(Data provided)

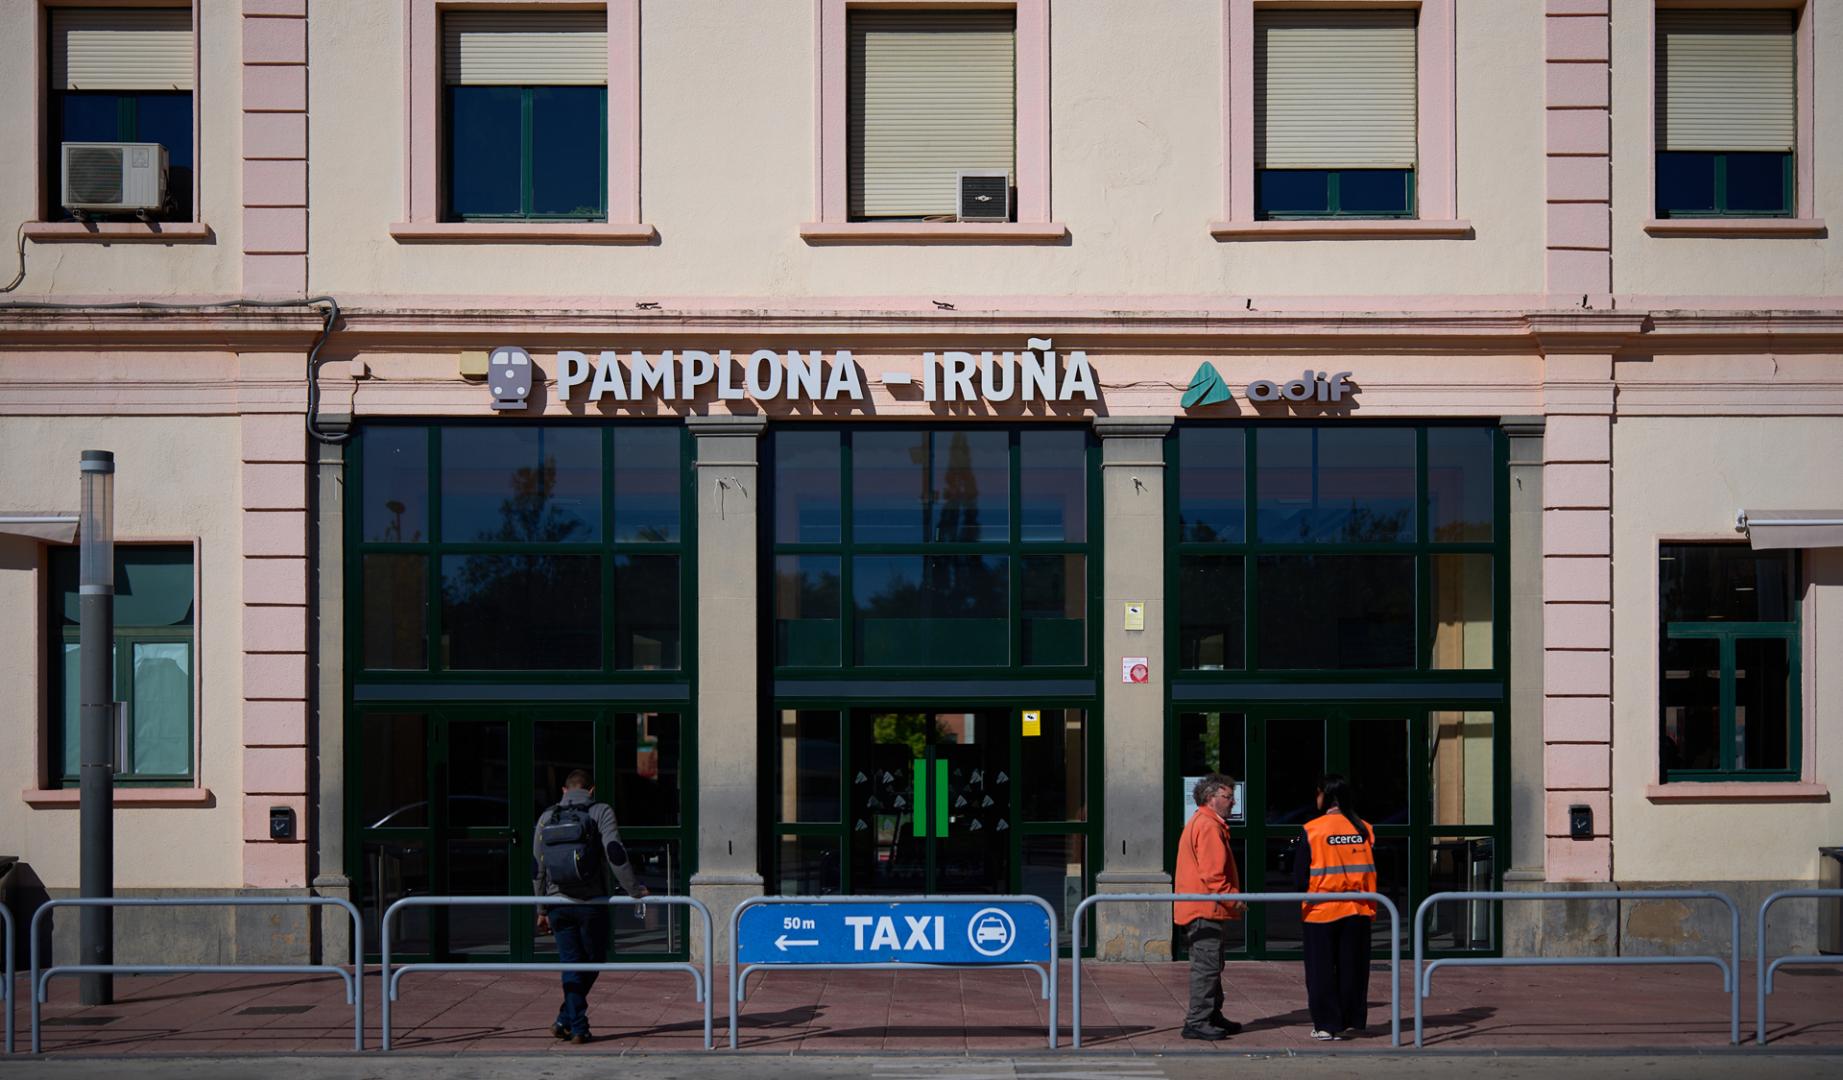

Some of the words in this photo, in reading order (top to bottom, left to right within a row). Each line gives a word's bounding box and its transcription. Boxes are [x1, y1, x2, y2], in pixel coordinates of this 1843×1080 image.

[557, 350, 864, 401] PAMPLONA
[923, 337, 1098, 401] IRUÑA
[1245, 370, 1353, 402] adif
[1329, 835, 1363, 845] acerca
[844, 915, 945, 951] TAXI

(What is being asked) Reproduce the material above in full and without alteration, but skip all pictures.

(Output of the task)
Some of the words in this photo, in reading order (top to bottom, left to right within a row). Each line gives a word's bounding box and its transcription. Boxes are [x1, y1, x2, y2], in pixel coordinates of this 1843×1080 image.

[557, 350, 864, 401] PAMPLONA
[923, 337, 1098, 401] IRUÑA
[1245, 370, 1353, 402] adif
[1329, 835, 1363, 845] acerca
[844, 915, 945, 951] TAXI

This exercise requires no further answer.